------ Extracted records ------
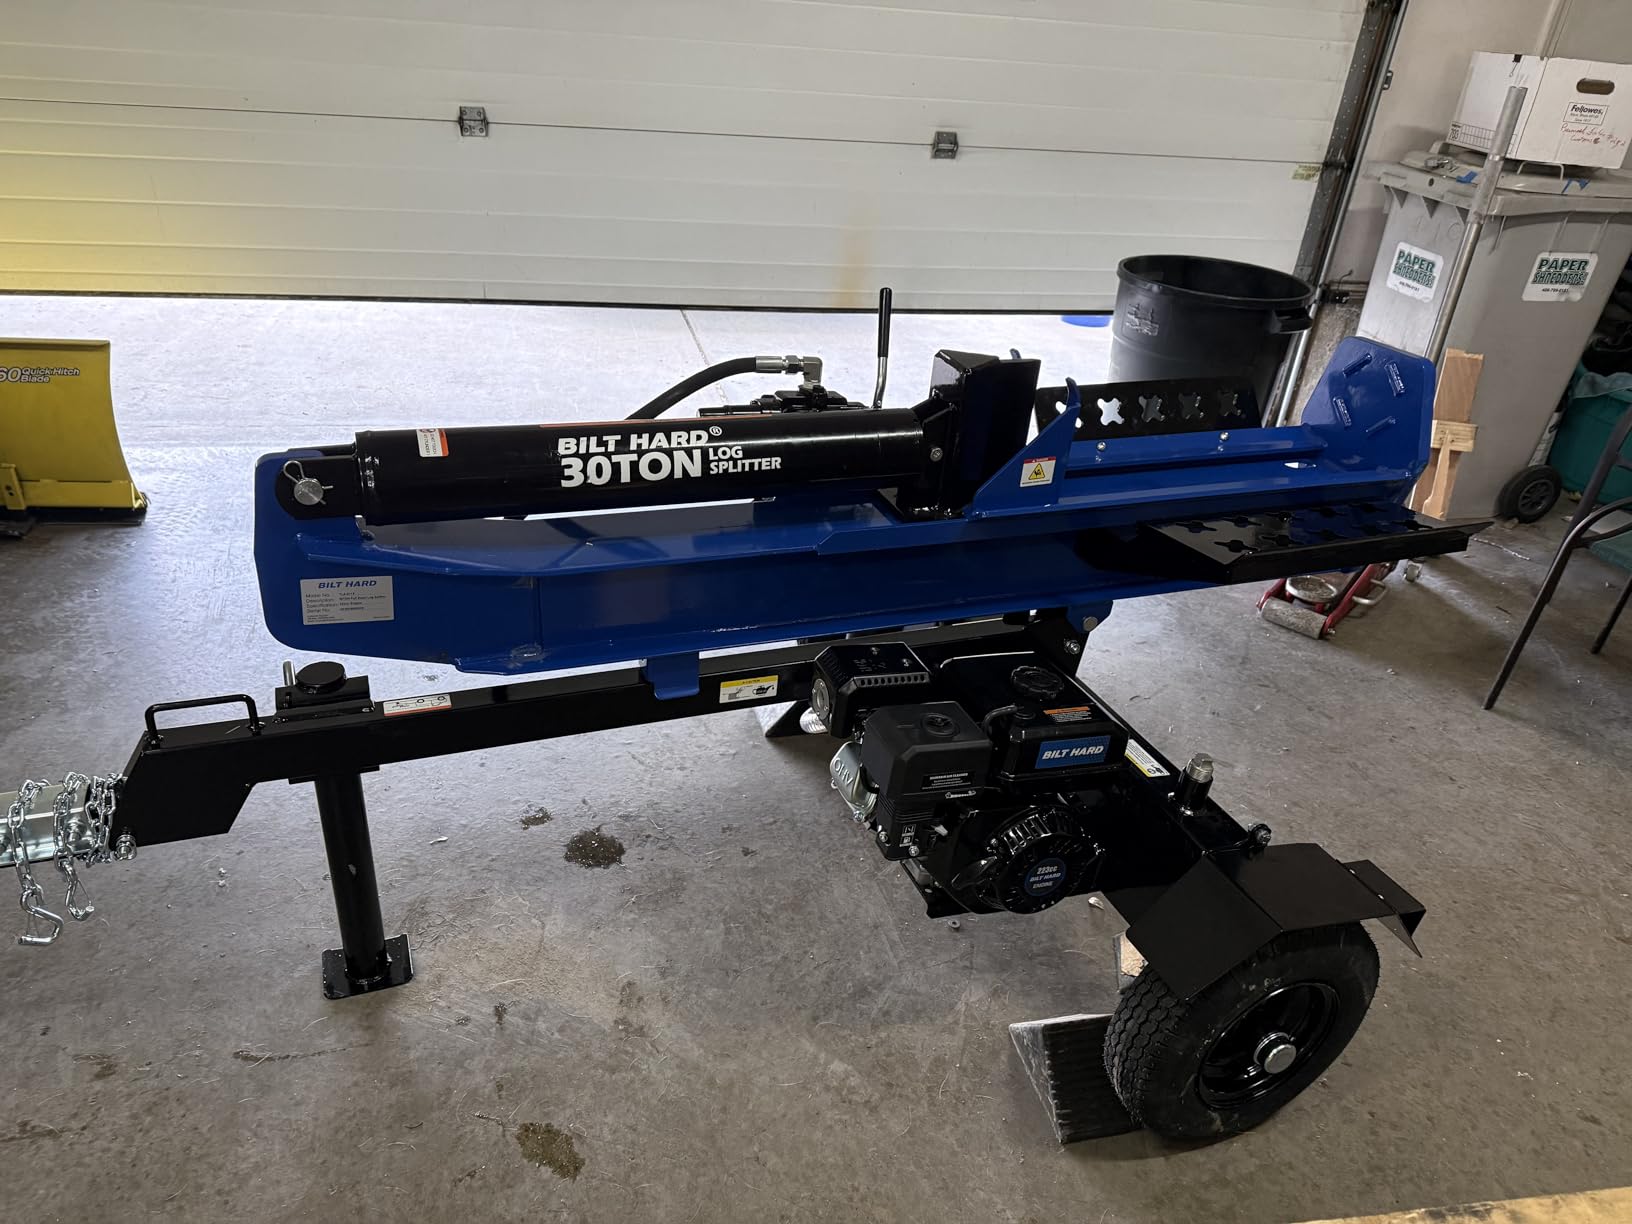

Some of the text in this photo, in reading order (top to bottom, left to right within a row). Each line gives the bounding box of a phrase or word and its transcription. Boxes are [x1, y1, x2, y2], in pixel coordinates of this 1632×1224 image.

[1397, 248, 1436, 273] PAPER
[1538, 257, 1589, 271] PAPER
[20, 375, 50, 383] Blade
[557, 434, 622, 455] BILT
[708, 446, 744, 461] LOG
[560, 449, 703, 488] 30TON
[709, 456, 782, 475] SPLITTER
[318, 580, 377, 589] BILT HARD
[1041, 745, 1104, 760] BILT HARD
[834, 757, 854, 786] OHV
[1043, 872, 1062, 880] HARD
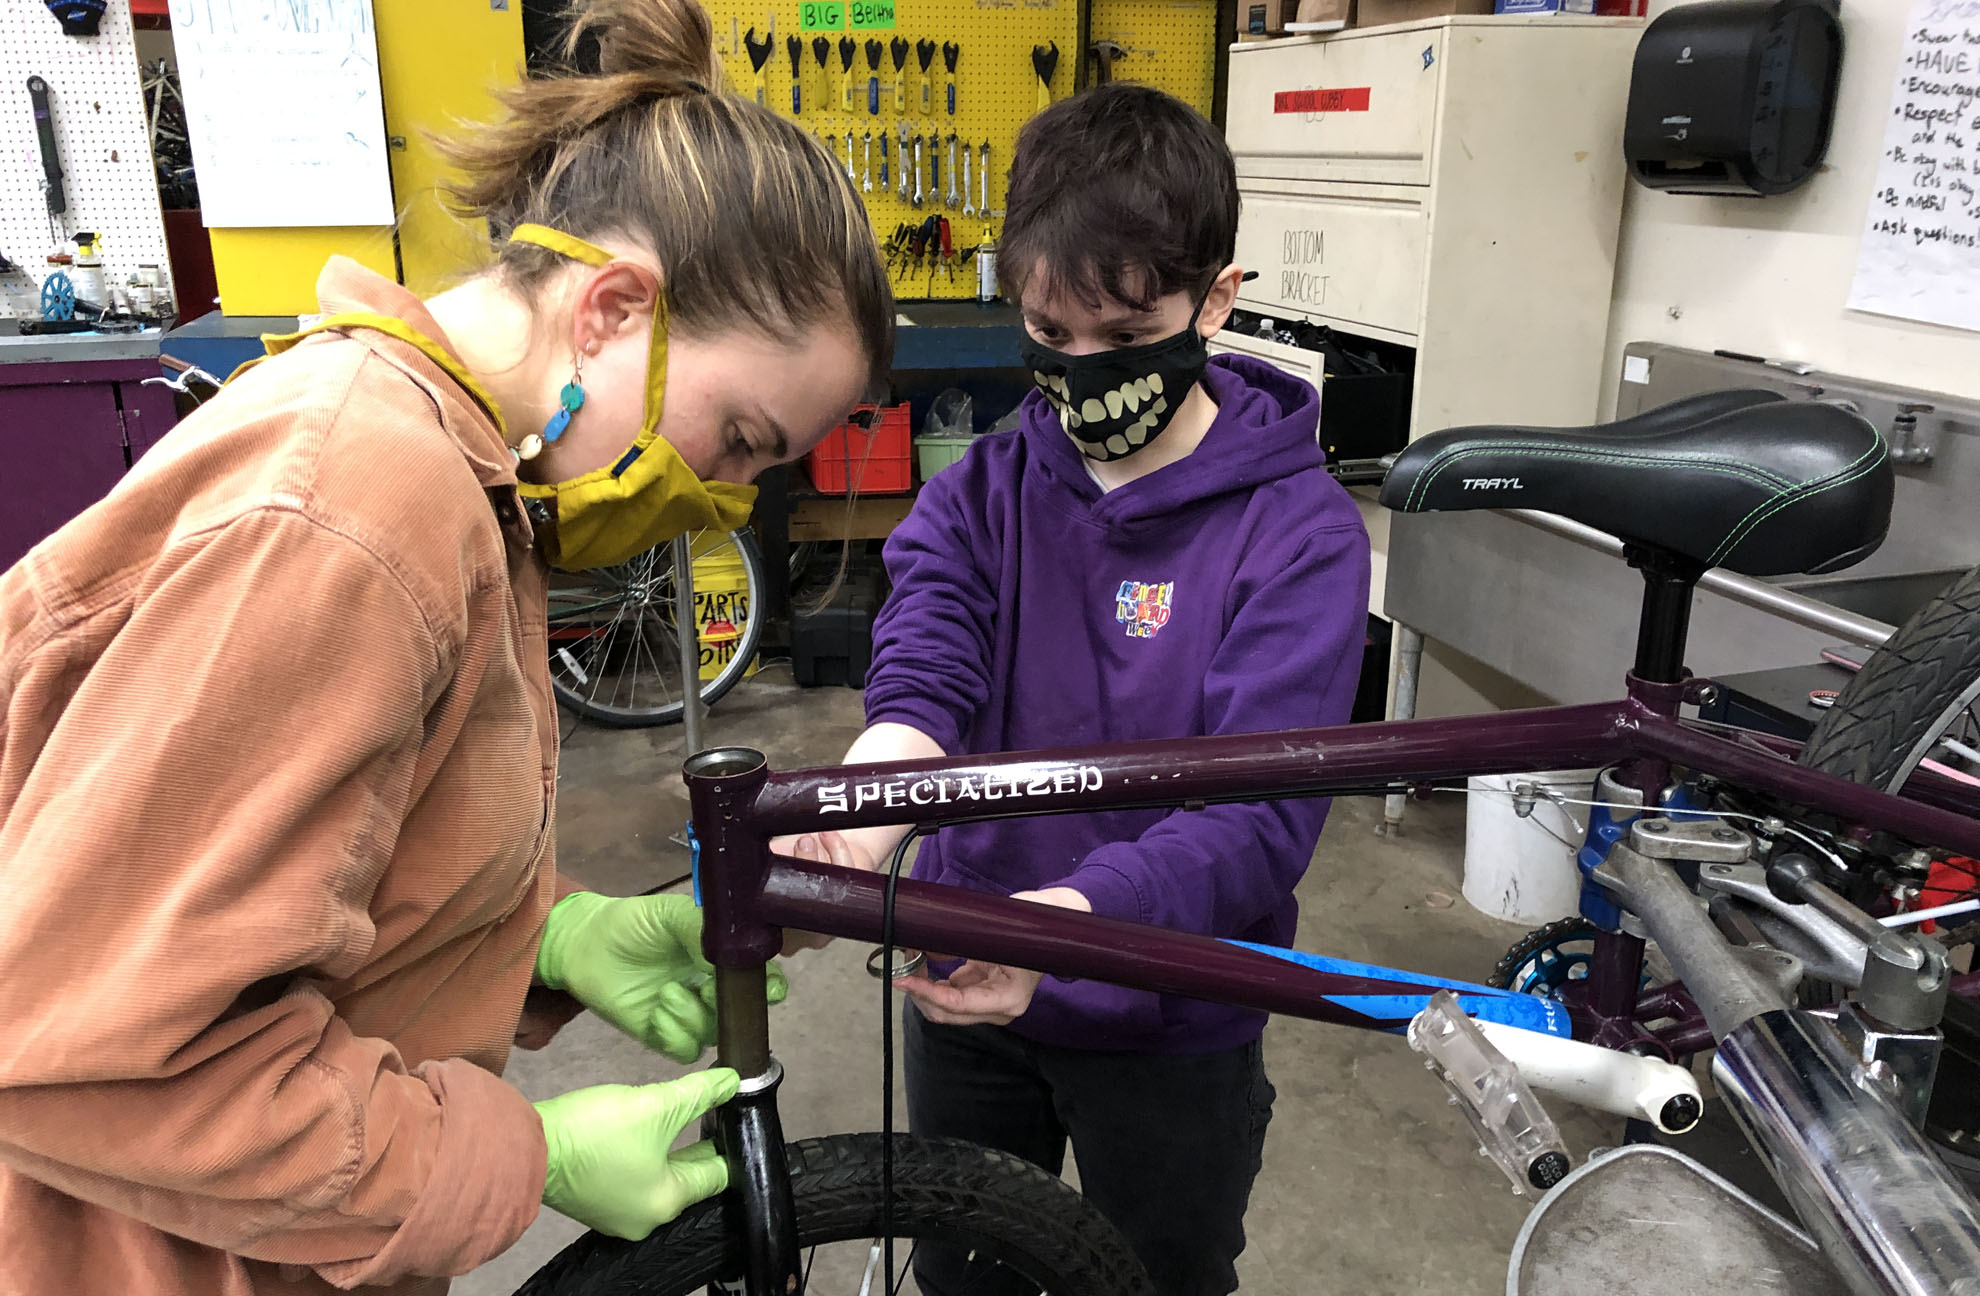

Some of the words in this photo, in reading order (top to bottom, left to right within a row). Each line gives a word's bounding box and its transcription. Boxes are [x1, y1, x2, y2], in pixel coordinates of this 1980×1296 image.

[805, 4, 839, 27] BIG
[1914, 49, 1972, 74] HAVE
[1904, 102, 1963, 131] Respect
[1885, 187, 1899, 207] Be
[1881, 216, 1907, 236] Ask
[1283, 229, 1324, 265] BOTTOM
[1281, 270, 1331, 306] BRACKET
[1462, 478, 1524, 490] TRAYL
[693, 591, 748, 625] PARTS
[818, 765, 1103, 815] SPECIALIZED
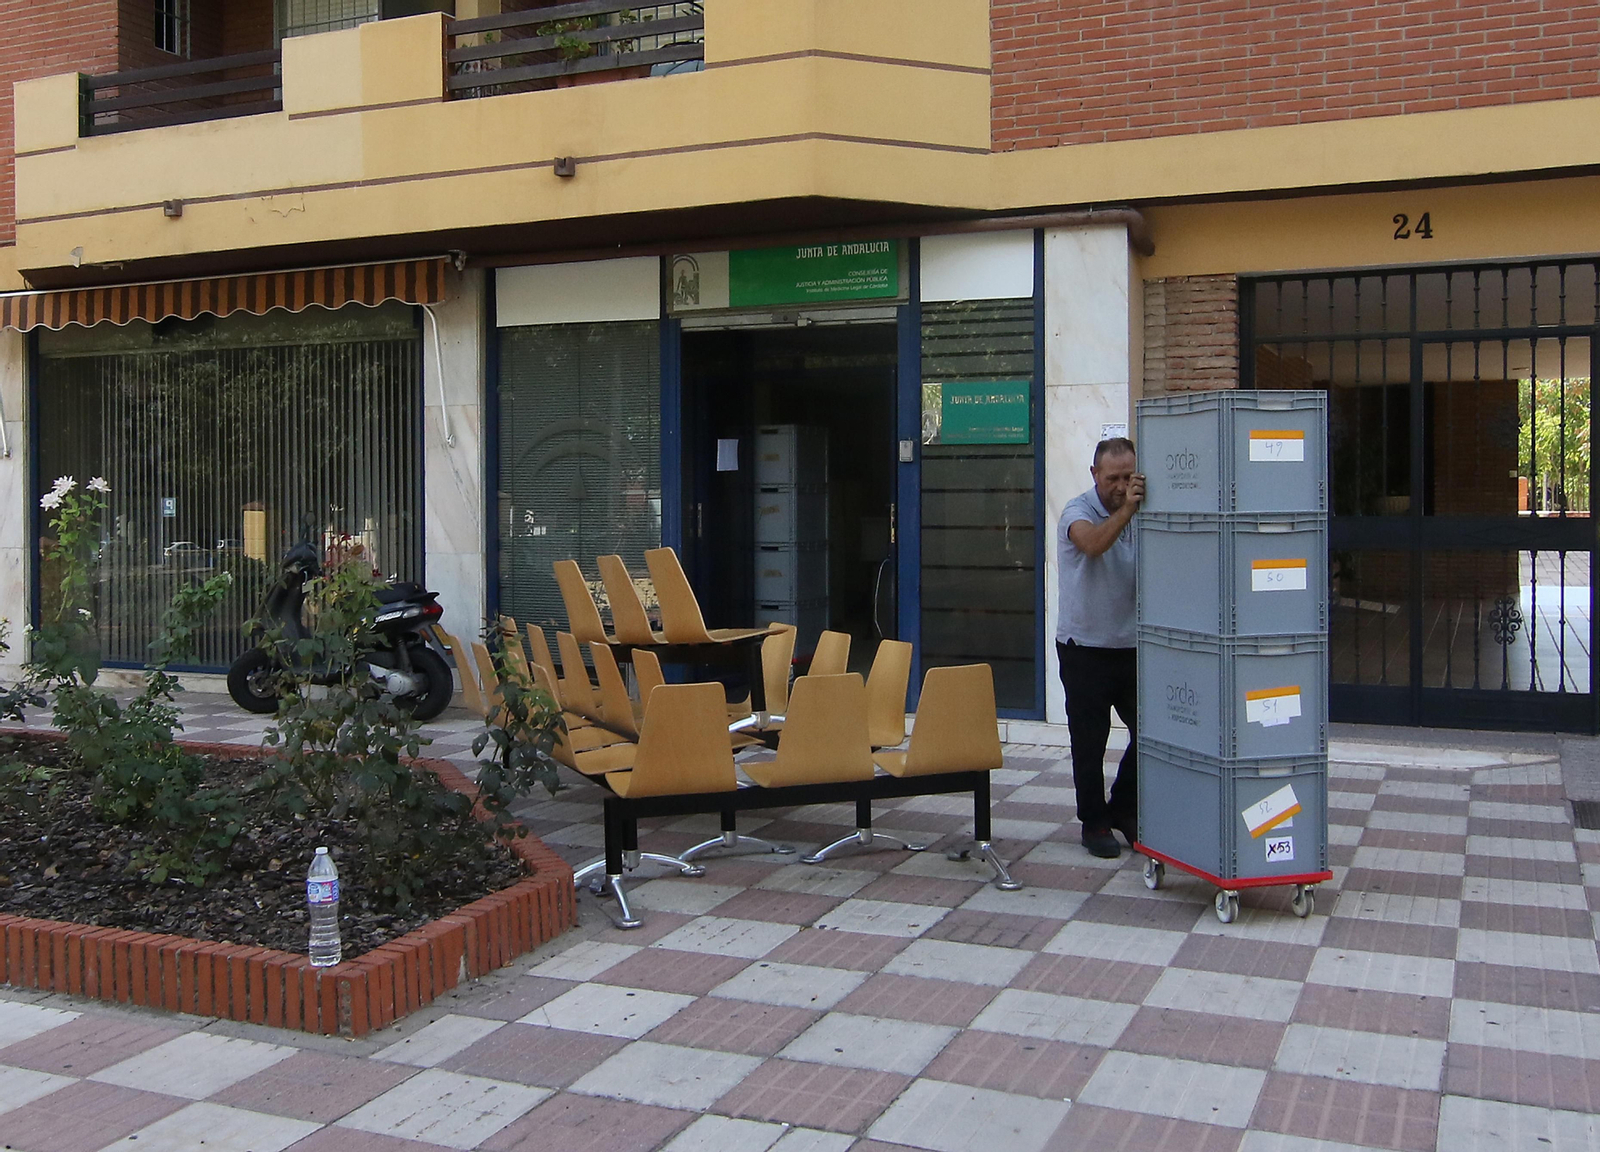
------
The problem →
Transcribe the data word for word, with no images.

Answer to this problem →
Some of the text in this photo, in reading order (top to bottom, left to right within a row). Each line gives the bounding box of a phrase or word and its transcription. Boxes are [x1, y1, x2, y2], in pixel coordinates of this 1632×1224 image.

[1397, 248, 1436, 273] PAPER
[1538, 257, 1589, 271] PAPER
[20, 375, 50, 383] Blade
[557, 434, 622, 455] BILT
[708, 446, 744, 461] LOG
[560, 449, 703, 488] 30TON
[709, 456, 782, 475] SPLITTER
[318, 580, 377, 589] BILT HARD
[1041, 745, 1104, 760] BILT HARD
[834, 757, 854, 786] OHV
[1043, 872, 1062, 880] HARD

Some of the words in this photo, in reading order (top to bottom, left to right within a row). Each line gives a word's bounding box and its transcription. Boxes are [x1, y1, x2, y2], in pixel coordinates of this 1980×1296 image.

[805, 4, 839, 27] BIG
[1914, 49, 1972, 74] HAVE
[1904, 102, 1963, 131] Respect
[1885, 187, 1899, 207] Be
[1881, 216, 1907, 236] Ask
[1283, 229, 1324, 265] BOTTOM
[1281, 270, 1331, 306] BRACKET
[1462, 478, 1524, 490] TRAYL
[693, 591, 748, 625] PARTS
[818, 765, 1103, 815] SPECIALIZED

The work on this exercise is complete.